The letter cited one example, the Trinity, as "troubling" for Muslims but "absolutely essential for us in confessing the oneness of God."

"We are well aware that Muslims believe the Christian idea of the Trinity contradicts the affirmation that God has no other being in association with him," the Baptist leaders said, but Christians do not understand "the distinct reality" of God in three persons to mean that any other being is beside God.

"Rather, the church is attempting to express the truth that there are mysterious, unknowable depths to the personal nature of God," the letter said. "It is also aiming to be faithful to the truth of God which has been disclosed in the event of Jesus Christ in history."

The Baptist leaders said the letter is not the place for "a fuller exposition of the Christian doctrine of the Trinity" or an attempt to try to convince Muslims of its truth.

"We write in order to make clear that we ourselves cannot think of God as love except in terms of an eternal communion or fellowship whose unity is dynamic and relational," the letter said. "While we rejoice to confess with you that there is one God, it is not possible for us to speak of the one God without also speaking of Trinity."

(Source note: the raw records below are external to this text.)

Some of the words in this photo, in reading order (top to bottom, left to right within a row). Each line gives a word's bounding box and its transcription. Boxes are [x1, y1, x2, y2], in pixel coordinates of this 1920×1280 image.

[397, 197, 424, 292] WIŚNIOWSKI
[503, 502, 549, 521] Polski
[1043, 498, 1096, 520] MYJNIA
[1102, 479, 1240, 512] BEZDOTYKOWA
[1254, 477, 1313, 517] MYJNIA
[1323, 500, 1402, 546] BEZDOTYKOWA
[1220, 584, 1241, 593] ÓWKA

In November 2007 a number of Christian leaders published a statement in the New York Times responding to A Common Word Between Us and You by Muslim scholars and clerics.

Signed by evangelicals including Leith Anderson and Richard Cizik of the National Association of Evangelicals, Timothy George of Samford University's Beeson Divinity School, David Gushee of Mercer University, Bill Hybels of Willow Creek Church, Richard Mouw of Fuller Theological Seminary and Rick Warren of Saddleback Church, the Loving God and Neighbor Together response  expressed strong agreement with the Muslim letter.

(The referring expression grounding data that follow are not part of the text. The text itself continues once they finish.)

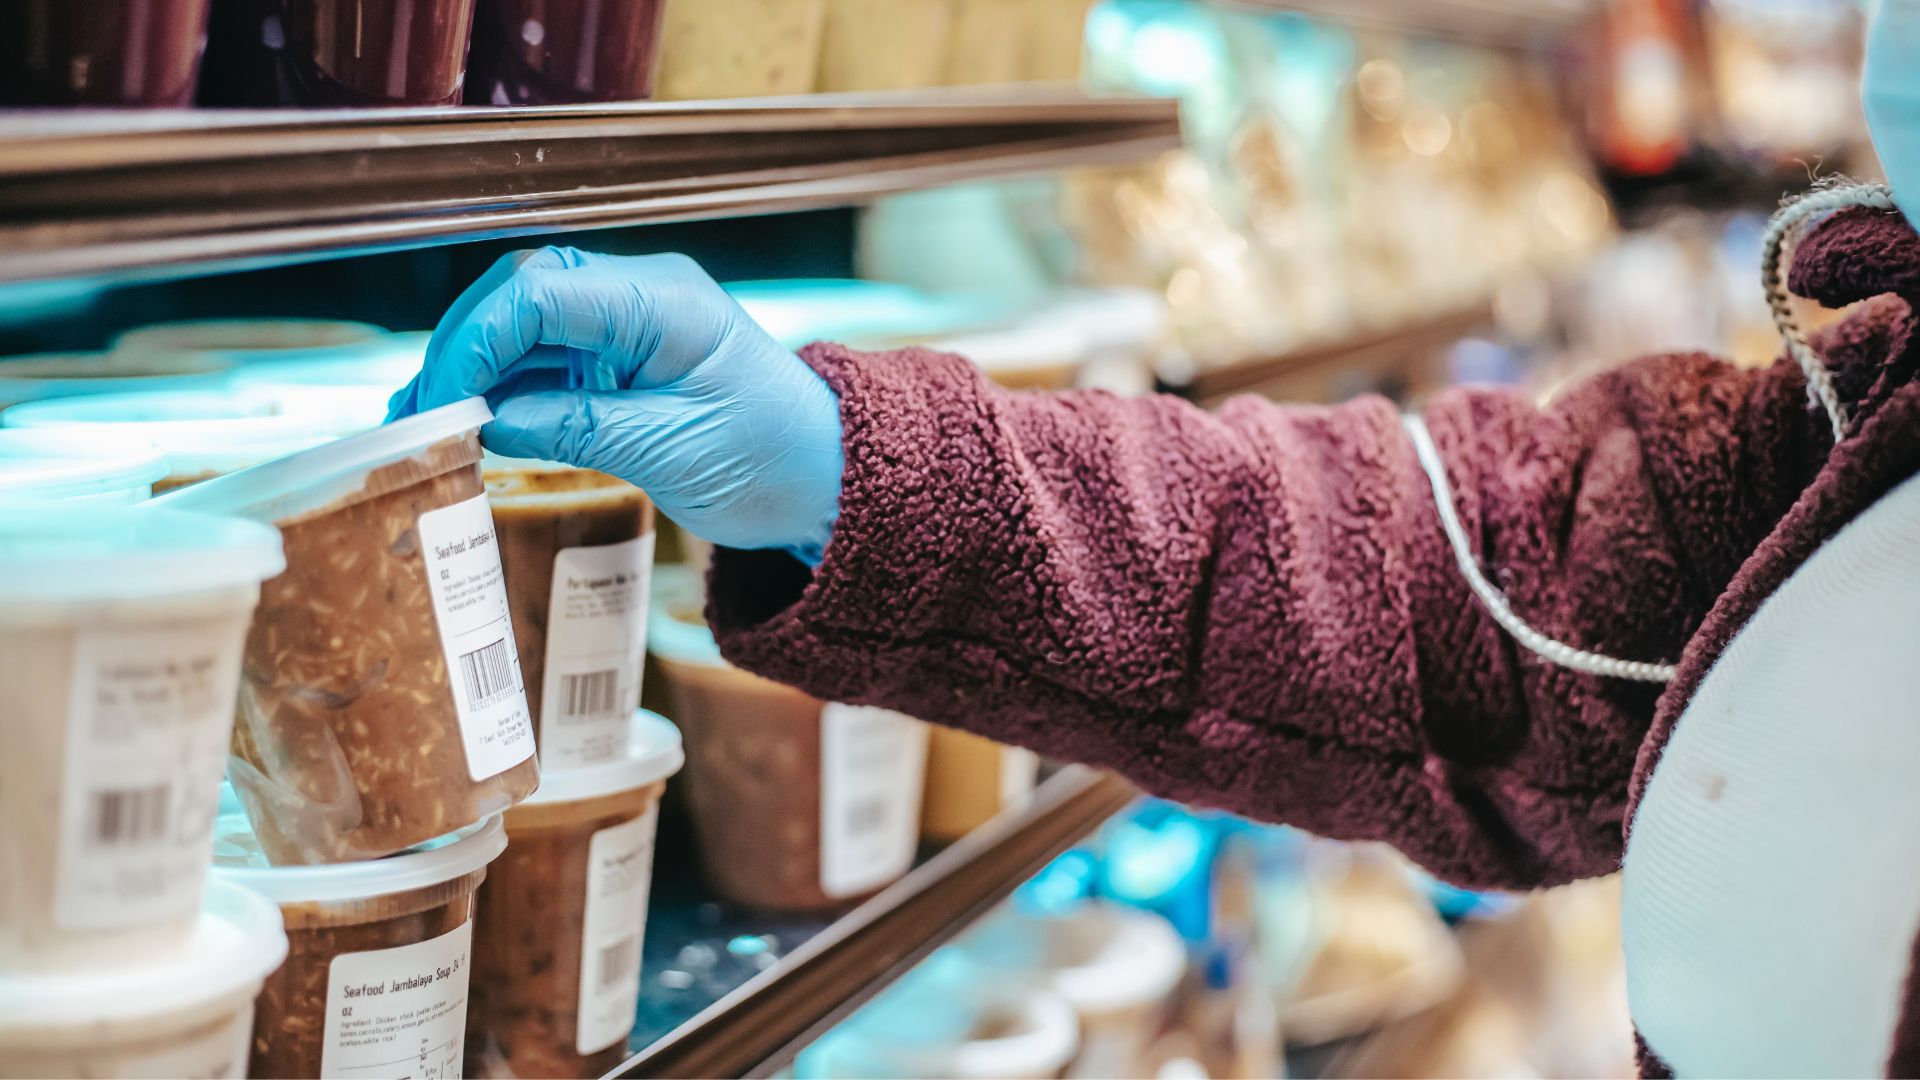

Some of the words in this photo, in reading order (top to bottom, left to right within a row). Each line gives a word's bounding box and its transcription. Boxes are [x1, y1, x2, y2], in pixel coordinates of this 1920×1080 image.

[436, 538, 466, 560] Seafood
[343, 981, 385, 998] Seafood
[390, 974, 433, 993] Jambalaya
[436, 967, 451, 981] Soup
[342, 1006, 352, 1017] OZ

After conservative evangelicals including John Piper, Al Mohler and Focus on the Family's CitizenLink newsletter criticized the Christian letter for not explicitly affirming the deity of Christ, some of the original signers had their names removed.

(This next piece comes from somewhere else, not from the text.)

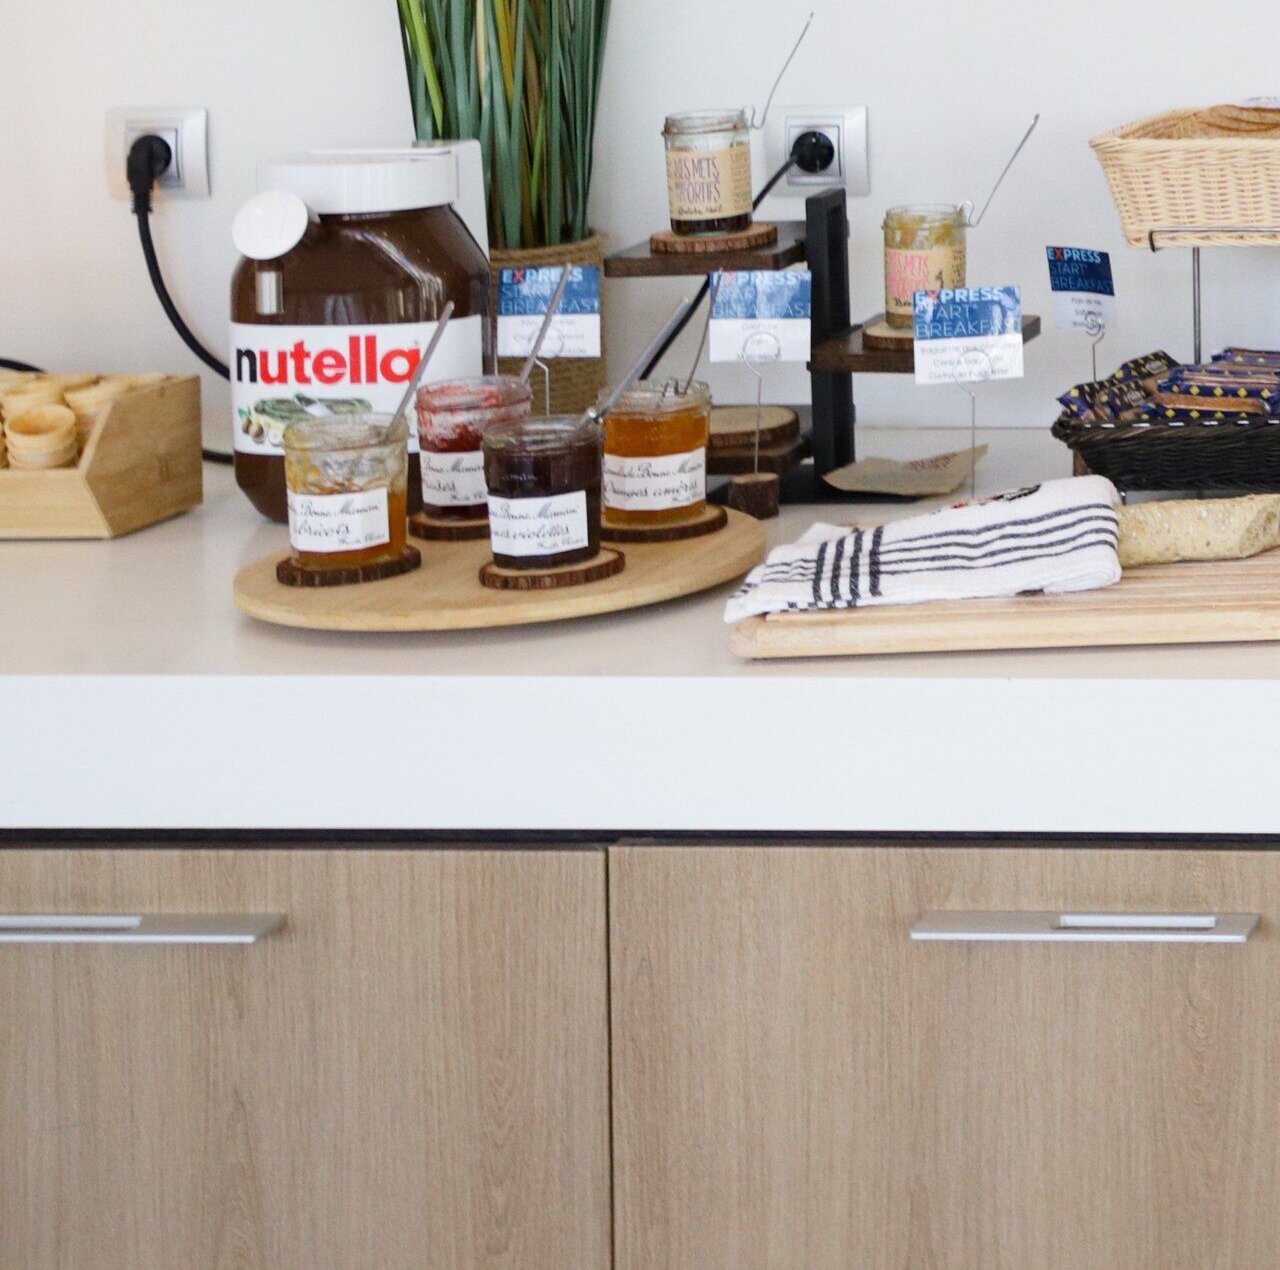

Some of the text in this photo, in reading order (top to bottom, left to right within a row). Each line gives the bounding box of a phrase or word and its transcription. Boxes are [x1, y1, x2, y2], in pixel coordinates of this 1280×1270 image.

During a discussion of a Baptist response to the Islamic letter last summer, according to a report on the website EthicsDaily.com, some Baptists expressed concern about theological language in the original letter from Islamic leaders. Meanwhile, some Baptists from areas of the world where Christians and Muslims clash questioned the need for dialogue.

After that meeting, BWA leaders drafted a formal response signed by BWA president David Coffey, General Secretary Neville Callam, Paul Fiddes of the Commission on Doctrine and Inter-Church Cooperation and Regina Claas of the Commission on Freedom and Justice.

The BWA letter thanked the Muslim leaders for their "generous initiative" and "irenic and constructive spirit" in the 2007 letter. The leaders proposed that future discussions take place not in a central commission of the BWA but rather in regional unions and conventions engaged in joint conversations and projects for aid and development.

They also called for education of both religious teachers and members of local congregations and mosques to "change attitudes and prejudices" that undermine values of respect and honor of others despite differing religious beliefs.

"Just one way this may happen is for religious teachers in both faiths to be careful about the rhetoric they use, which may have unintended effects on followers who are less aware of theological nuances, and which may even lead to violence," the leaders said. "To be concrete, we have one suggestion for Baptist Christians, that they avoid words to describe evangelism (or telling the gospel story) which appear threatening to others, such as 'evangelistic crusades.' Nor is it necessary to be critical of another faith in order to commend what we believe to be true in ours; the story of Jesus has power to persuade in its own right."

"It is easy to slip into a violent rhetoric which arouses unpleasant memories of conflicts in the past," the letter said. "We do not venture to suggest examples of unhelpful rhetoric to you, our Muslim friends, but hope that you might be able to identify some for yourselves. Let our rhetoric be that of love, as you have already shown."

-30-

Bob Allen is senior writer for Associated Baptist Press.